Unfortunately, they weren’t able to use the full demo that I prepared. The full demo used a KARMA promiscuous access point to lure clients onto my rogue wireless network with a rogue network’s gateway routed outbound HTTP traffic through a transparent proxy that injected IFRAMEs in each HTML page. The IFRAMEs loaded my own custom “Aurora” exploit, which injected Metasploit’s Meterpreter into the running web browser. From there, I could use the Meterpreter to sniff keystrokes as they logged into their SSL-protected bank/e-mail/whatever. The point was that even if a victim only uses the open Wi-Fi network to log into the captive portal webpage, that’s enough for a nearby attacker to exploit their web browser and maintain control over their system going forward. Perhaps that was a little too complicated for a news segment that the average American watches over breakfast.

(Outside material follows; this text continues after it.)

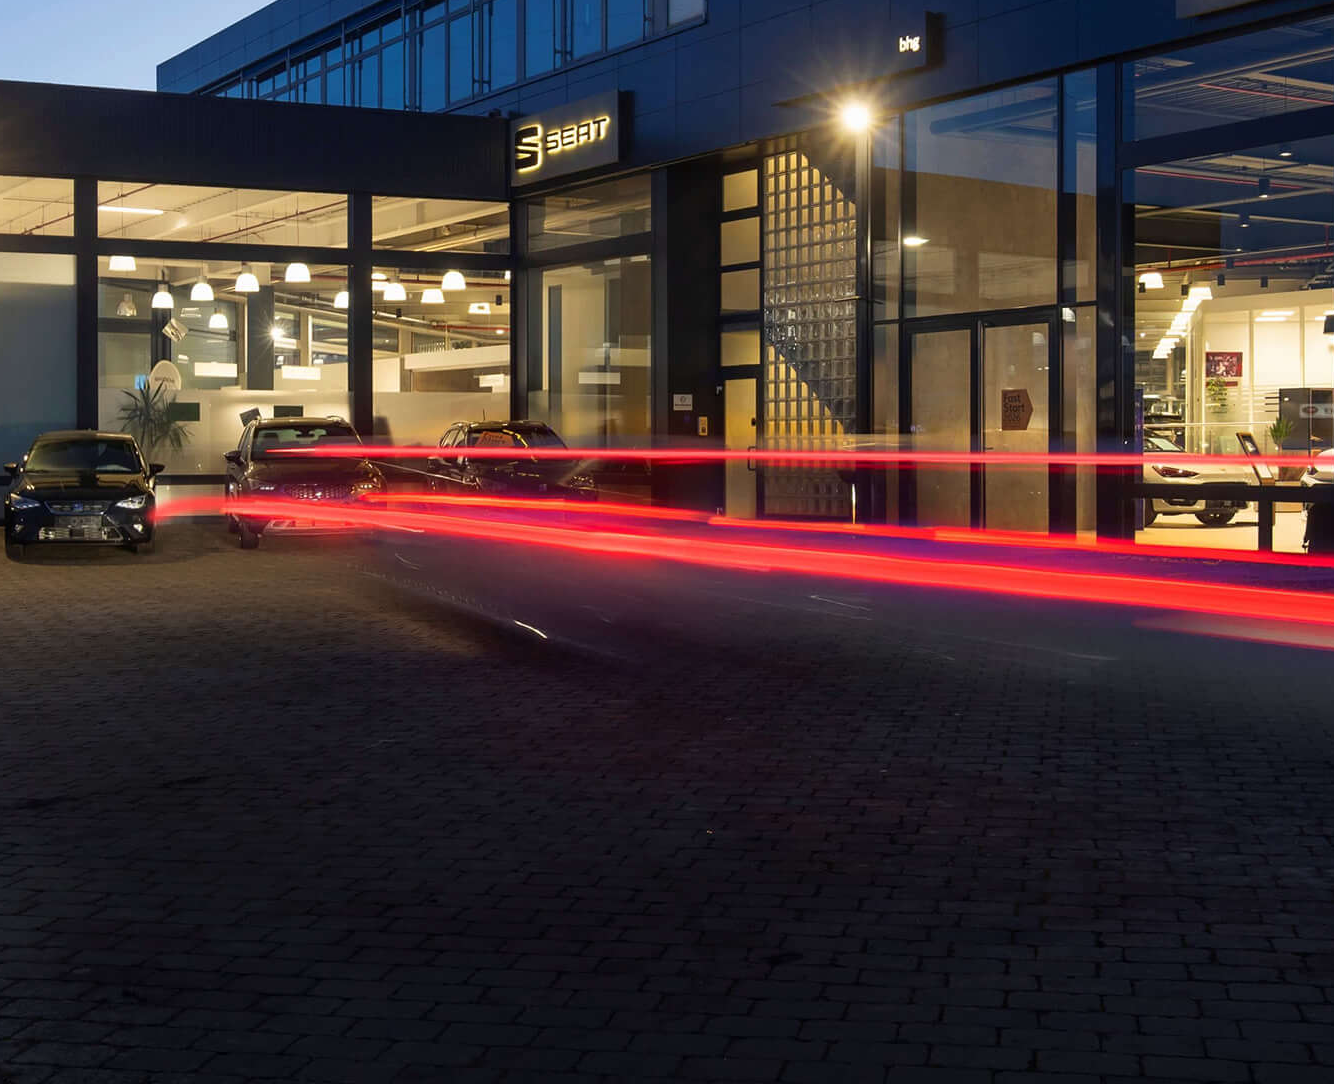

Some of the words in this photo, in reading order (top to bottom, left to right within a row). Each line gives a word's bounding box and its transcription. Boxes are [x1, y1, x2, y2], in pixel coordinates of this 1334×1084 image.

As it has been quite a while since I have talked about KARMA, here are a few updates on the weaknesses that it demonstrated:
- Windows XP SP2 systems with 802.11b-only wireless cards would “park” the cards when the user is not associated to a wireless network by assigning them a 32-character random desired SSID. Even if the user had no networks in their Preferred Networks List, the laptop would associate to a KARMA Promiscuous Access Point and activate the network stack while the GUI would still show the user as not currently associated to any network. This issue was an artifact of 802.11b-only card firmwares (PrismII and Orinoco were affected) and is not present on most 802.11g cards, which is what everyone has these days anyway.

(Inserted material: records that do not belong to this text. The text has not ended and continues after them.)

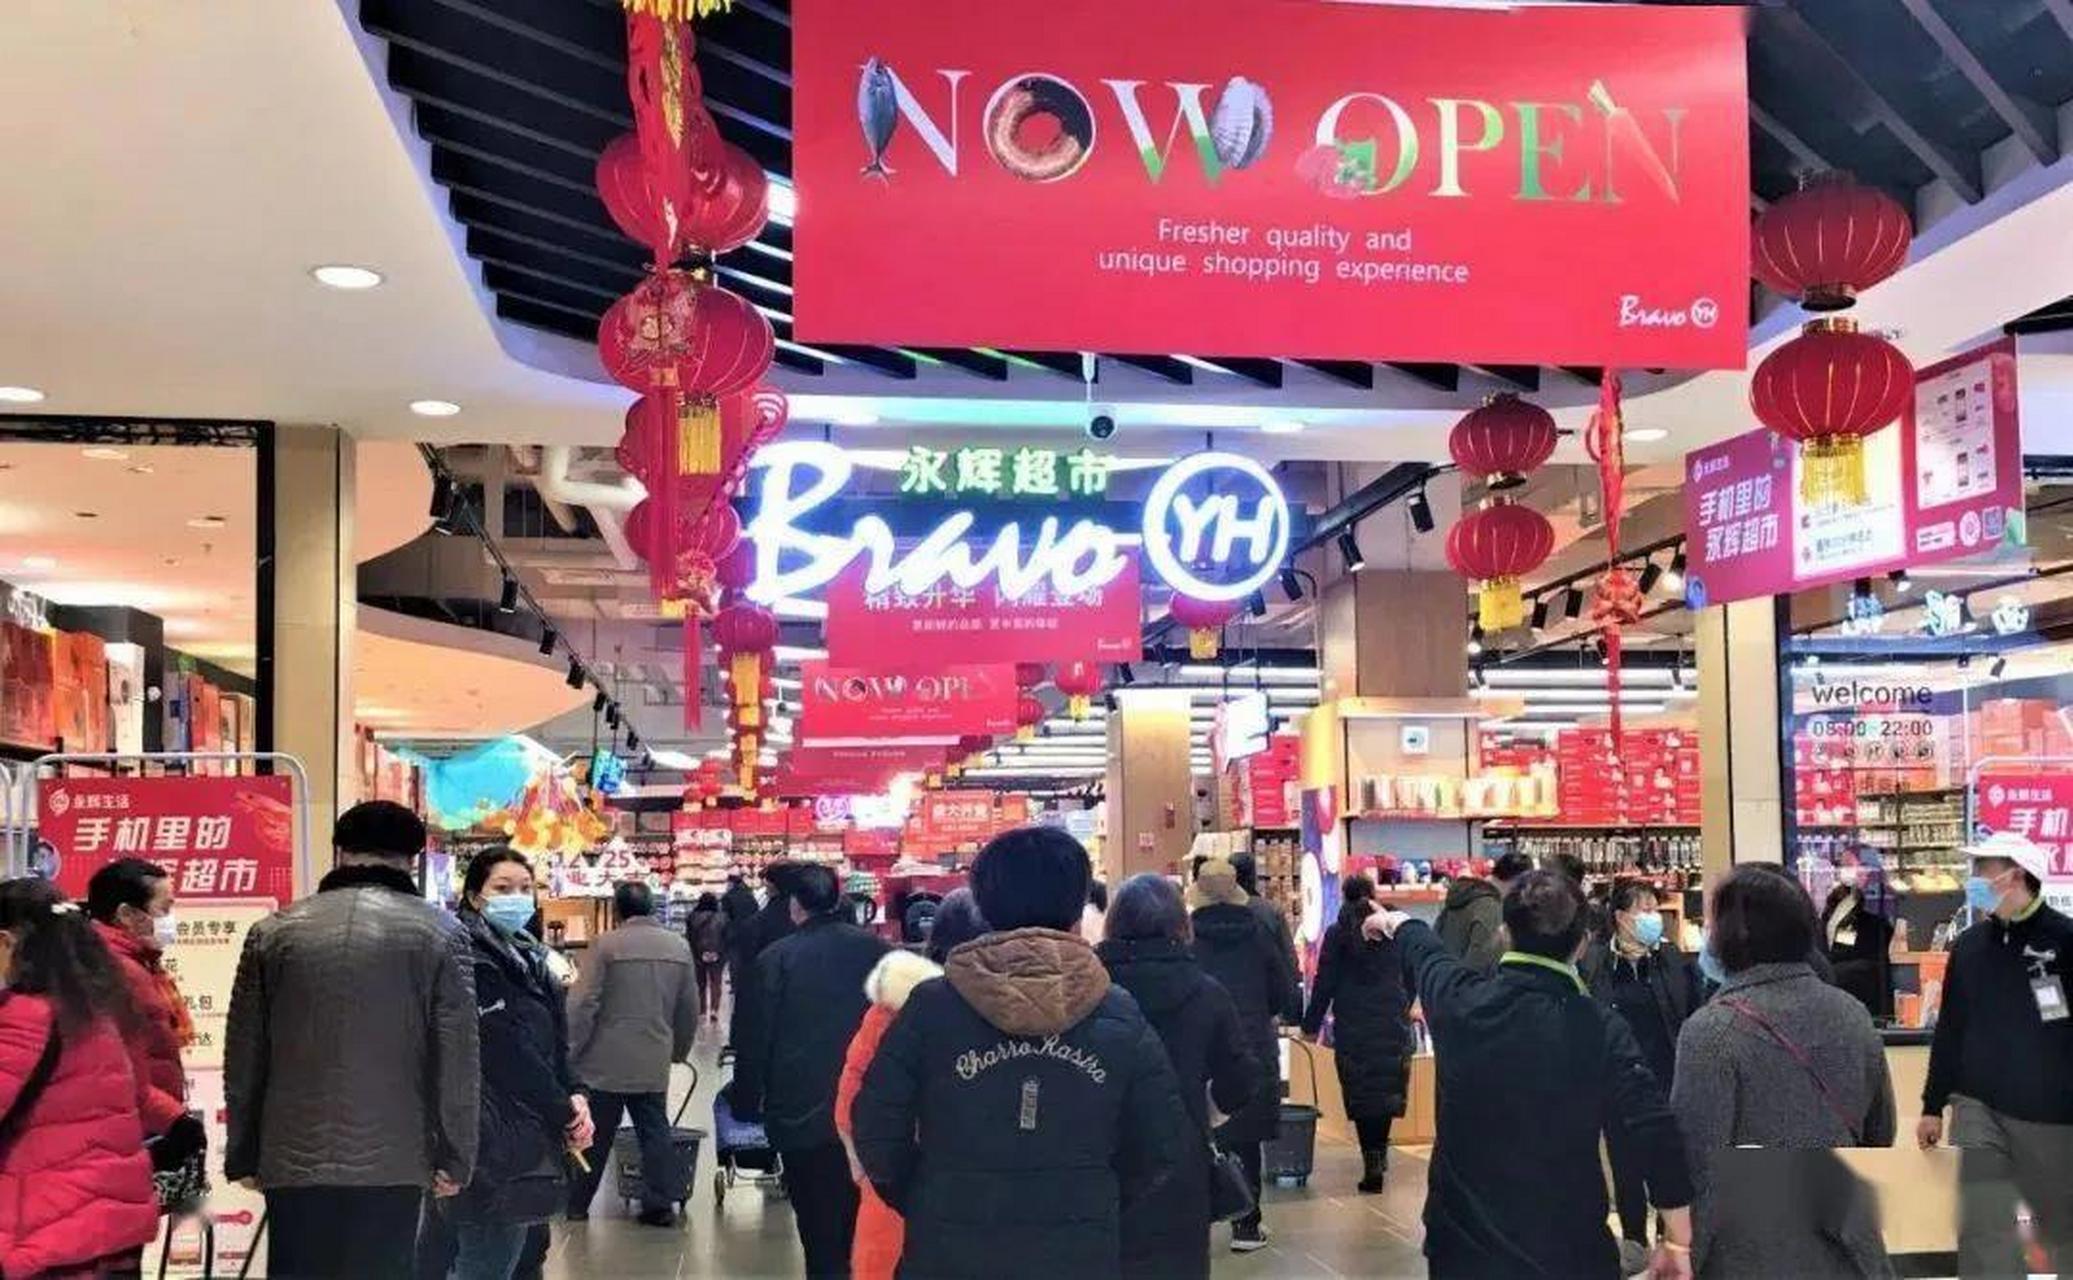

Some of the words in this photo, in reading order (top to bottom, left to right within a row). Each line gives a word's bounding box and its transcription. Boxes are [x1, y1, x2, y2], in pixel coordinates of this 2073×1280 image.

[858, 56, 1272, 186] NOW
[1296, 80, 1690, 205] OPEN
[1158, 220, 1250, 246] Fresher
[1267, 221, 1351, 253] quality
[1365, 226, 1412, 251] and
[1098, 250, 1187, 277] unique
[1202, 251, 1320, 284] shopping
[1335, 259, 1470, 285] experience
[1619, 294, 1687, 327] Bravo
[900, 448, 1111, 495] 永辉超市
[1699, 473, 1772, 526] 手机里的
[744, 440, 1128, 608] Bravo
[1705, 514, 1779, 562] 永辉超市
[815, 676, 907, 702] NOW
[1812, 681, 1932, 705] welcome
[1813, 722, 1867, 737] 08:00
[1881, 721, 1933, 737] 22:00
[73, 794, 130, 809] 永辉生活
[74, 815, 232, 852] 手机里的
[148, 857, 259, 893] 超市
[177, 920, 236, 936] 会员专享

- Even with a newer card, Windows XP SP2 will broadcast the contents of its Preferred Networks List in Probe Request frames every 60 seconds until it joins a network. Revealing the contents of the PNL allows an attacker to create a network with that name or use a promiscuous access point to lure the client onto their rogue network. Windows Vista and XP SP3 fixed this behavior.
- Mac OS X had the same two behaviors, except that Apple’s AirPort driver would enable WEP on the wireless card when it had “parked” it. However, the WEP key was a static 40-bit key (0x0102030405 if I recall). Apple issued a security update in July 2005 and credited me for reporting the issue.
- On 10/17/2006, Microsoft released a hotfix to fix both of the previous issues on Windows XP SP2 systems that Shane Macaulay and I had discovered and presented at various security conferences over the previous two years.
- Newer versions of Windows (XP SP3, Vista, 7) are only affected if the user manually selects to join the rogue wireless network or the rogue network beacons an SSID in the user’s Preferred Networks List.
Although the leading desktop operating systems found on most laptops have addressed the issue, most mobile phones now support 802.11 Wi-Fi, which may give KARMA a chance to live again!